Perdemos tudo, o nosso país, a nossa casa, absolutamente tudo, excepto a nossa capacidade de recomeçar. Mas já não eram viáveis os planos que tínhamos feito para reconstruir a Hungria. Para recomeçar, era preciso, era indispensável partir.

Era preciso dizer adeus à Hungria - que agora sentia como pátria - e a todos os amigos que me tinham dado tanto. Era preciso dizer adeus à nossa nova casa e deixar Andor sozinho, com todas as imensas dificuldades que o rodeavam.

Mas eu era nova, cheia de força, inundada de um desejo fortíssimo de sobrevivência. O desejo de dar aos nossos filhos segurança e um futuro melhor venceram todas as hesitações.

Resolvemos partir em Junho de 1947. Como quase não tínhamos bagagem, fizemos as malas num instante. Com Andor, fomos dizer adeus à nossa antiga casa, agora em ruínas e despedimo-nos de Tibor e da Bumi. Foi horrível voltar a ver os restos bombardeados do que, um dia, fora o nosso lar. A despedida foi muito dramática. Foi a última vez que vi Bumi e Tibor.

De mão dada, Andor e eu saímos das nossas ruínas e caminhámos ao longo do Danúbio. Ao menos, este corria agora livremente, sem cadáveres nem destroços das pontes bombardeadas. Eu tinha ali vivido durante catorze anos e, mesmo na altura em que a guerra estava na sua fase pior, fora sempre feliz porque tinha Andor.

- Lembras-te?... Lembras-te ?... - As recordações, tantas boas recordações, vinham-nos à memória em caudal.

No dia seguinte, parti com as crianças. Quanto tempo iríamos estar separados? Ninguém podia dizer, e esta incerteza tornava tudo ainda mais doloroso.

Foi bom regressar à Noruega livre, foi bom ver, de novo, a minha família. Mas, apesar de extenuada, não consegui pregar olho na primeira noite. Só nessa altura compreendi o verdadeiro sentido de ser expatriado, o peso real de perdermos a nossa casa. Imagens de Mosòc, de Szalatna, do Palácio Hubay, em Budapeste, corriam, velozes, na minha cabeça, como se assistisse a um filme, enquanto percorria o meu quarto de um lado para o outro. Agora, a minha tarefa prioritária era fazer sair Andor da Hungria. Depois de consegui-lo, tudo ia ser mais fácil.
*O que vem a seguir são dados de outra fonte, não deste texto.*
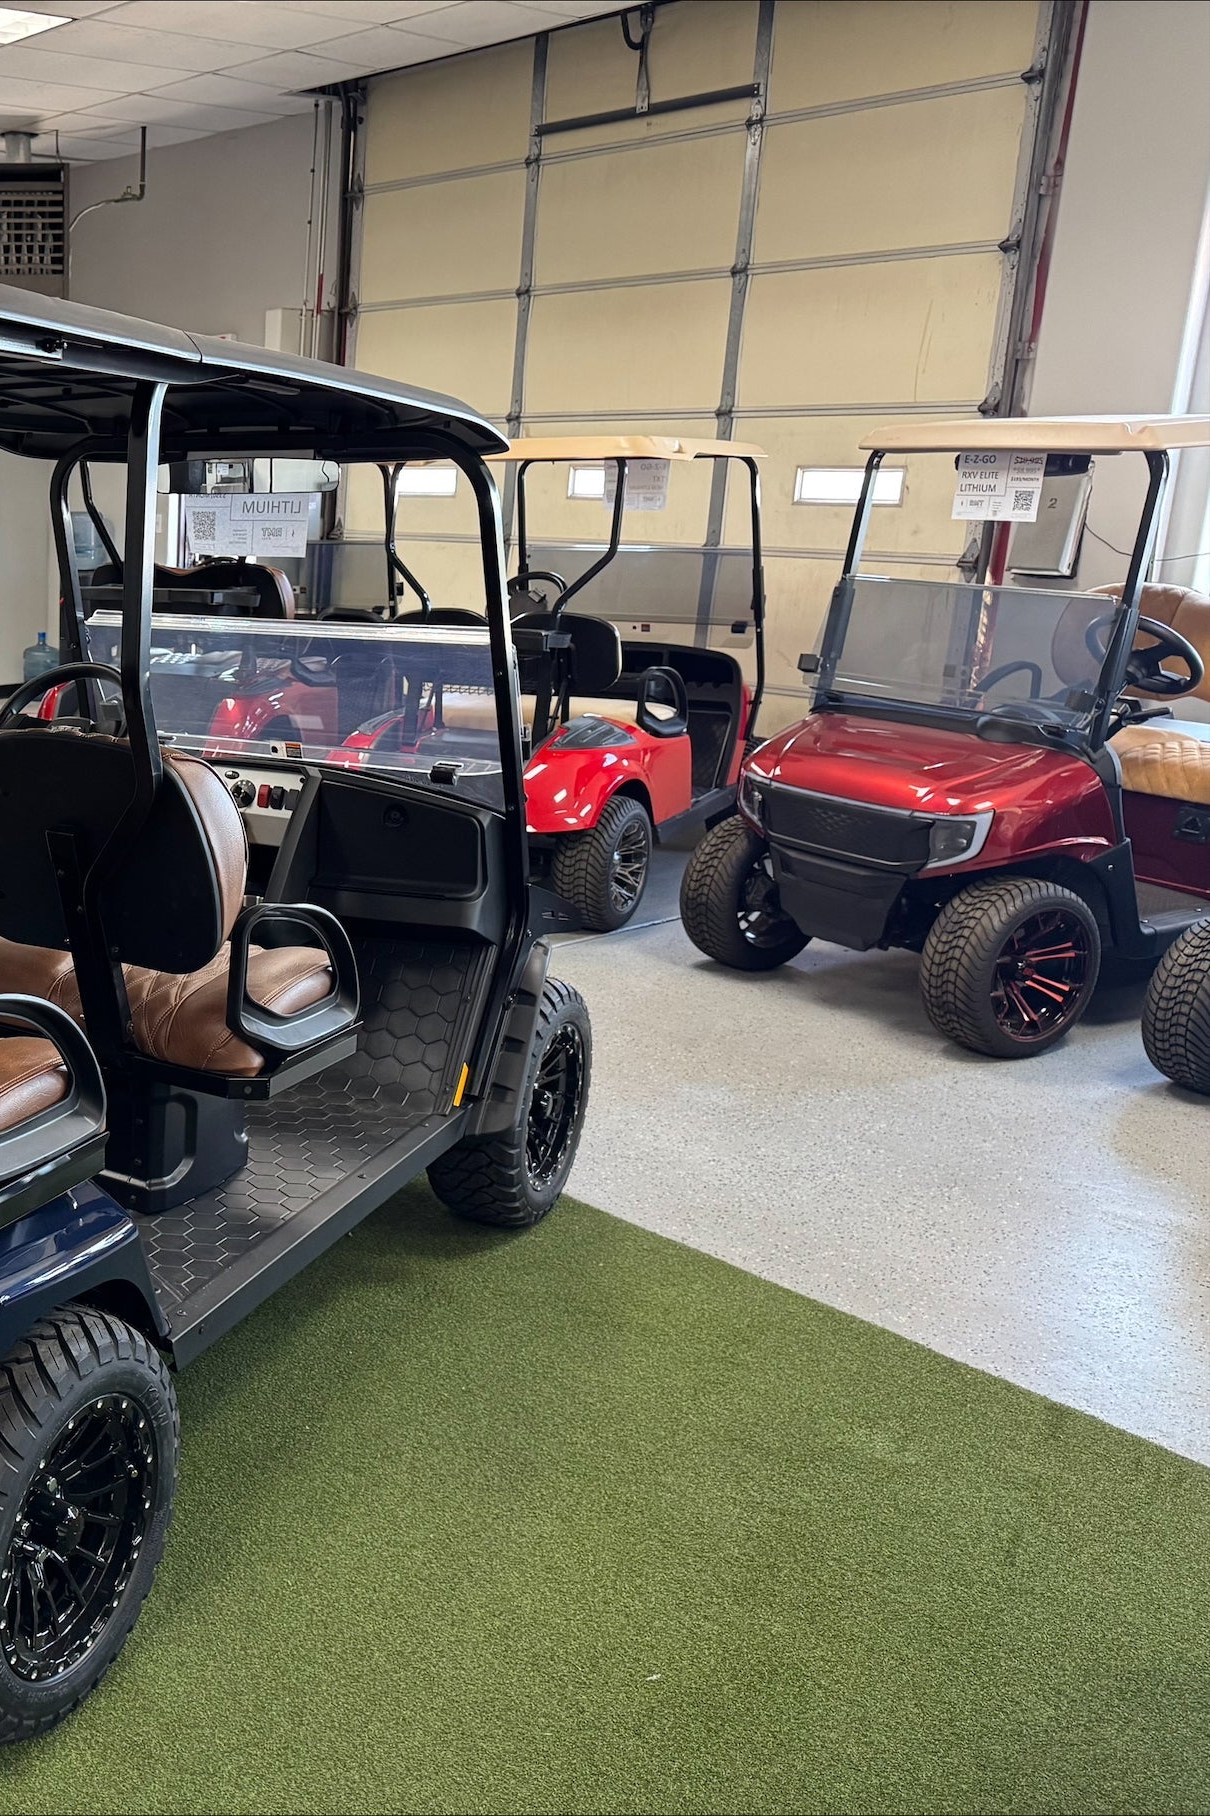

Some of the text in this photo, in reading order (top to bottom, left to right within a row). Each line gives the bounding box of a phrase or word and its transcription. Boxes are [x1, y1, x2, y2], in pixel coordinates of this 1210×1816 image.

[964, 455, 997, 464] E-Z-GO
[962, 471, 999, 480] RXV ELITE
[959, 483, 997, 493] LITHIUM
[1048, 498, 1058, 509] 2
Passaram alguns meses até que isso se concretizasse. Andor foi preso mais do que uma vez, maltratado, e, por fim, condenado à morte. Por que crime? Os comunistas conseguiam sempre fabricar qualquer coisa... Na véspera do dia marcado para a sua execução por enforcamento, um milagre diplomático trouxe-o para a Noruega. Estávamos em fins de 1949. A nossa separação durara mais de um ano.
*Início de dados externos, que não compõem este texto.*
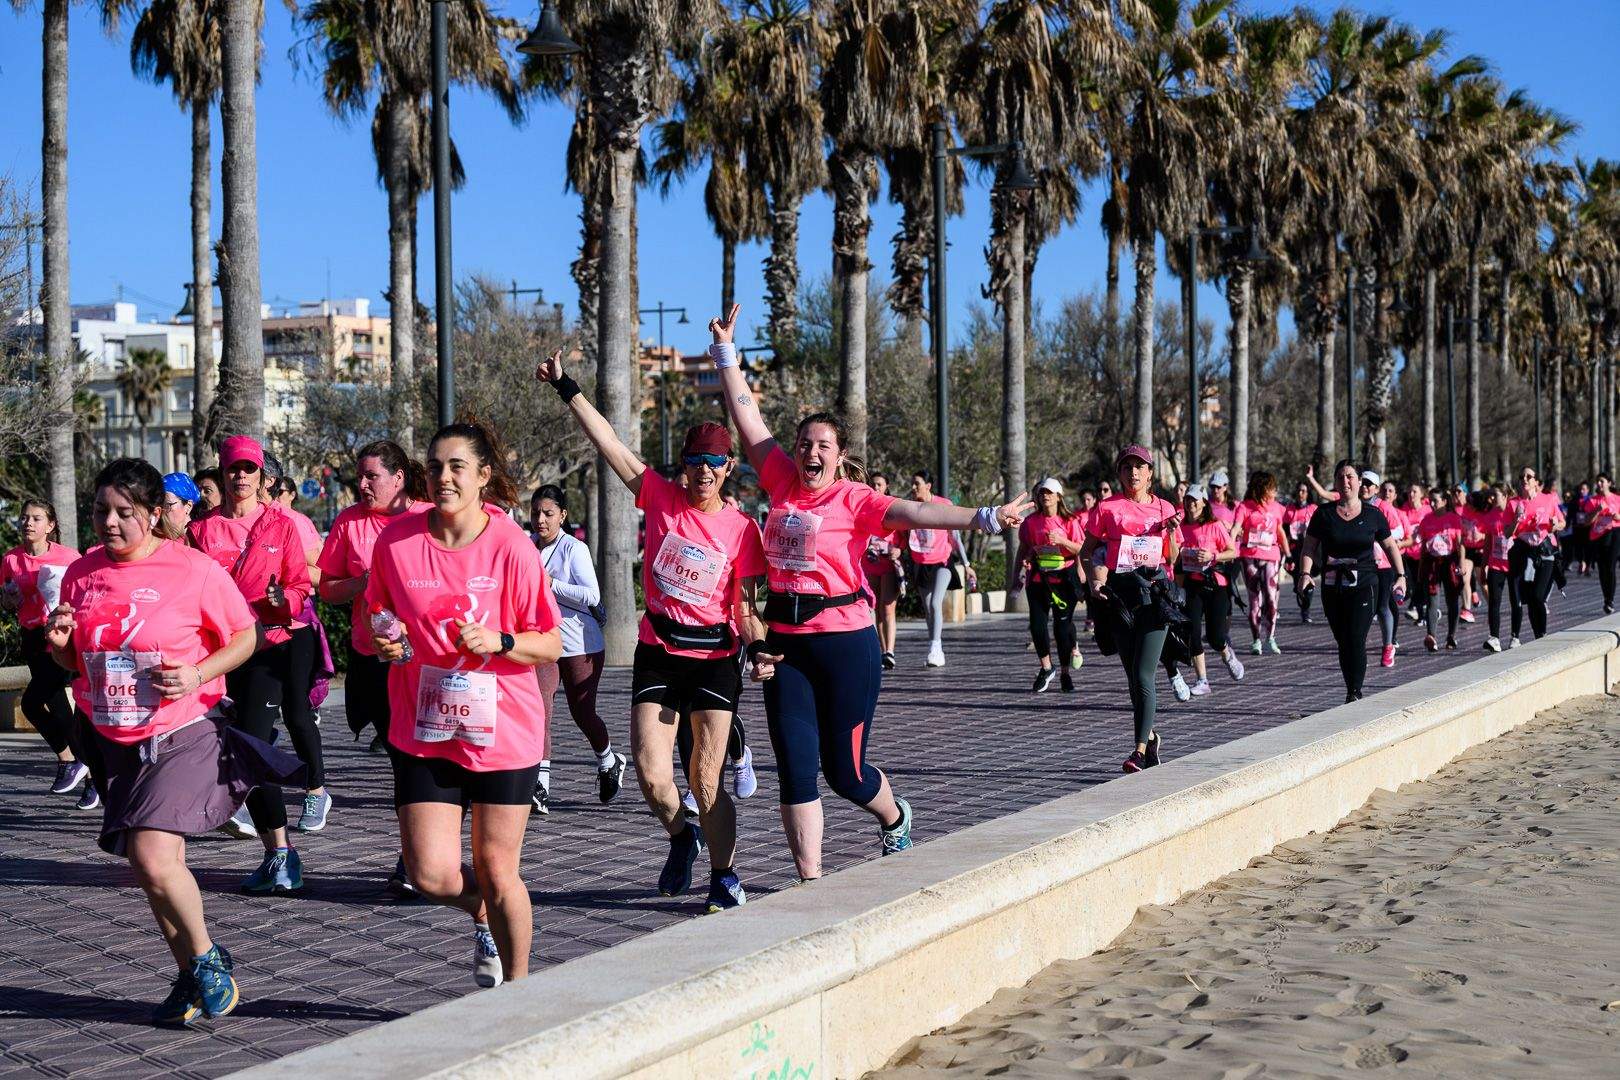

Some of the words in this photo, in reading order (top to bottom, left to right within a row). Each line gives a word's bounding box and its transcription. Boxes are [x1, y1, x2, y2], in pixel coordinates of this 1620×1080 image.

[779, 536, 798, 547] 016
[1132, 553, 1149, 561] 016
[676, 565, 699, 581] 016
[108, 684, 138, 697] 016
[440, 703, 470, 717] 016
Foi um Andor marcado pela tragédia, de alma moribunda, que se encontrou comigo em Oslo. Alguma coisa, muitas coisas morreram dentro dele, quando lhe roubaram o seu país. Irremissivelmente. Para mim foi, apesar de tudo, a imensa felicidade de estarmos de novo reunidos.
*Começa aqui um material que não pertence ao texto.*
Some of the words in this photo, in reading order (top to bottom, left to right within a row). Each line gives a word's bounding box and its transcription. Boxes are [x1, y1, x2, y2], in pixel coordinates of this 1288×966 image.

Fomos viver para a nossa casa de verão em Sandoya. Quando a construímos, Andor tinha comentado que já possuía demasiadas casas para tomar conta. Agora, esta era a única que nos restava. O meu marido húngaro tinha muito pouco a ver com o mar, e eu própria fui criada no campo, na quinta em Hedemarken, mas, mesmo assim, tinha mais queda para os barcos do que ele. Por isso, o leme passou para as minhas mãos.

Muitas vezes o meu marido envolvia-se em discussões com a minha família. Era agora um homem que tinha perdido a fé na justiça, na política, profundamente amargo e desiludido com a vida, com as grandes potências e com a humanidade.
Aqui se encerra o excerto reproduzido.